The flesh was white.

She took a fork out of the dish rack. Why didn’t she feel anything? She didn’t understand — she had every reason to feel something, everyone felt something. The only thing she could catch herself feeling was a vague sense of being cold, like when you’ve taken a walk outside in the winter too lightly dressed.

She put the fork back in the rack.

That she had borne a child, she hated that. The rest not, the rest was over, a closed book that had left nothing unpleasant in its wake.

She moved her hand over her left leg. Her hands were cold and dry.

“Cold hands and a warm heart,” someone had said to her once. She couldn’t remember who, maybe Marc, that evening at the museum, that evening when she had wanted to be willing, nothing but willing.

She picked up the bread knife, Italian design, purchased in Verona with her late husband. A little pubic hair was sticking out from beneath her panties. It had once been a different color, lighter — curlier, too — she thought. She wasn’t sure. She tried to picture her pubic hair as it had been twenty years ago, but couldn’t.

Using her right hand, she drove the bread knife into her left thigh, close to her cunt.

She pulled the knife out of the white flesh. The blood flowed slowly, almost too slowly in her eyes, but gradually it began flowing more quickly. The edge of her panties and a wisp of pubic hair turned red.

She thought about the Committee of Vigilant Parents, about her marriage, the bridge club, the trips to Italy.

The pain was a relief.

Pain is always a relief.

She washed the bread knife and put it back in the rack.

The blood dripped down her leg and onto the pajama pants that were drooping around her ankles. She took off the pants; blood spots are hard to get out of polyester.

Now the blood was on the kitchen floor. That was a matter of a little mopping.

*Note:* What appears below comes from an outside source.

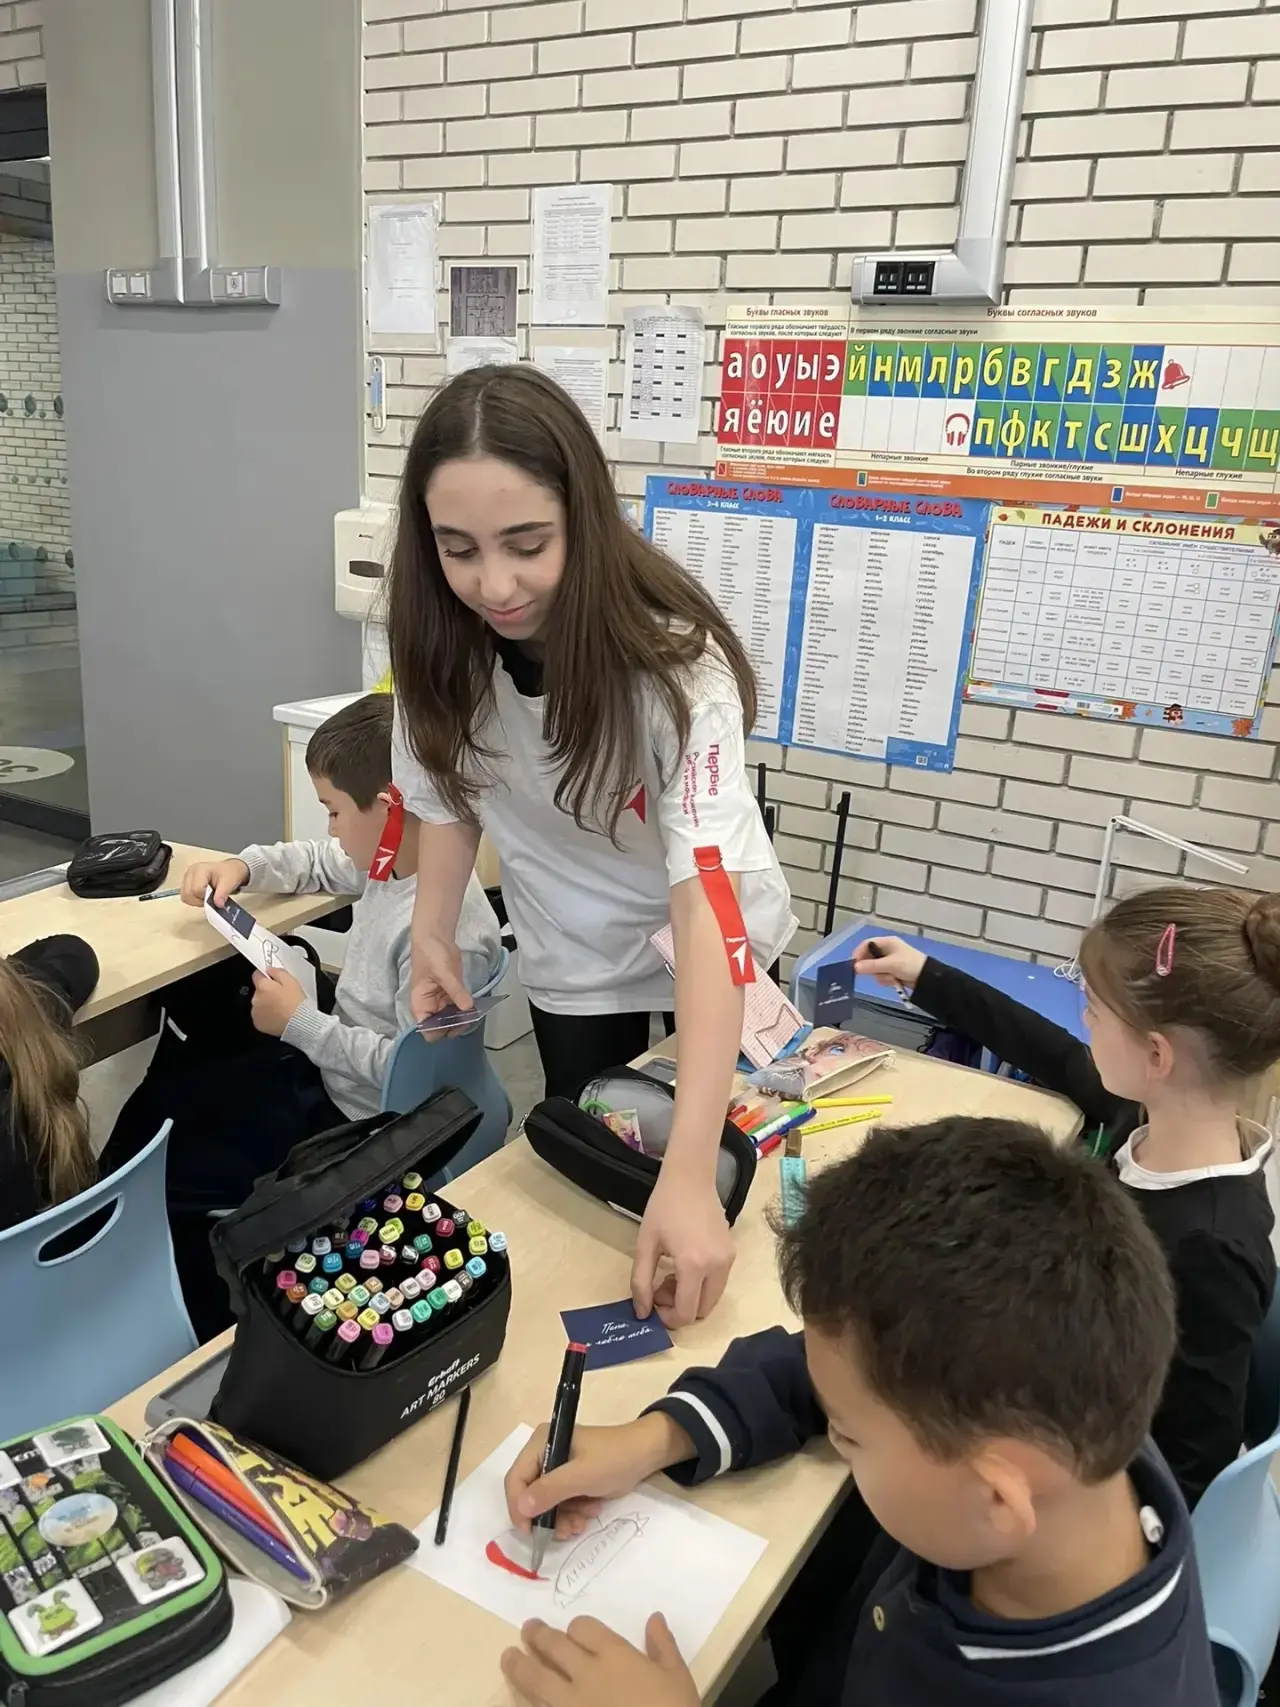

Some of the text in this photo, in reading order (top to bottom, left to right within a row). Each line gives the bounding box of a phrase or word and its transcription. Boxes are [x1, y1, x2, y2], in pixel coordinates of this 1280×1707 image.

Never again will anyone come right inside me again, she thought, no one will ever come right inside me again. I am Yours, and Yours alone.

She wasn’t sure who You was, God or You-Know-Who. Or maybe a combination of the two.

Our Genes

THE WEEKS FOLLOWING Marc’s confession went by in relative harmony. There was no more talk of his love for Xavier; there was no more talk of love at all. Marc occasionally urged the mother to make a baby with him, proposals the mother refused politely. “Not yet,” she said. “It’s all still so new.” She had never told Marc the truth about her age, and she wasn’t planning to now. In the course of time, she had chipped off a few years here and there. First two, then three, now it was more than five. And after her divorce she had undergone a rejuvenation cure. She looked good for her age. Almost no wrinkles, firm buttocks, no drooping flesh. She felt young. On the street she easily overtook women twenty years her junior.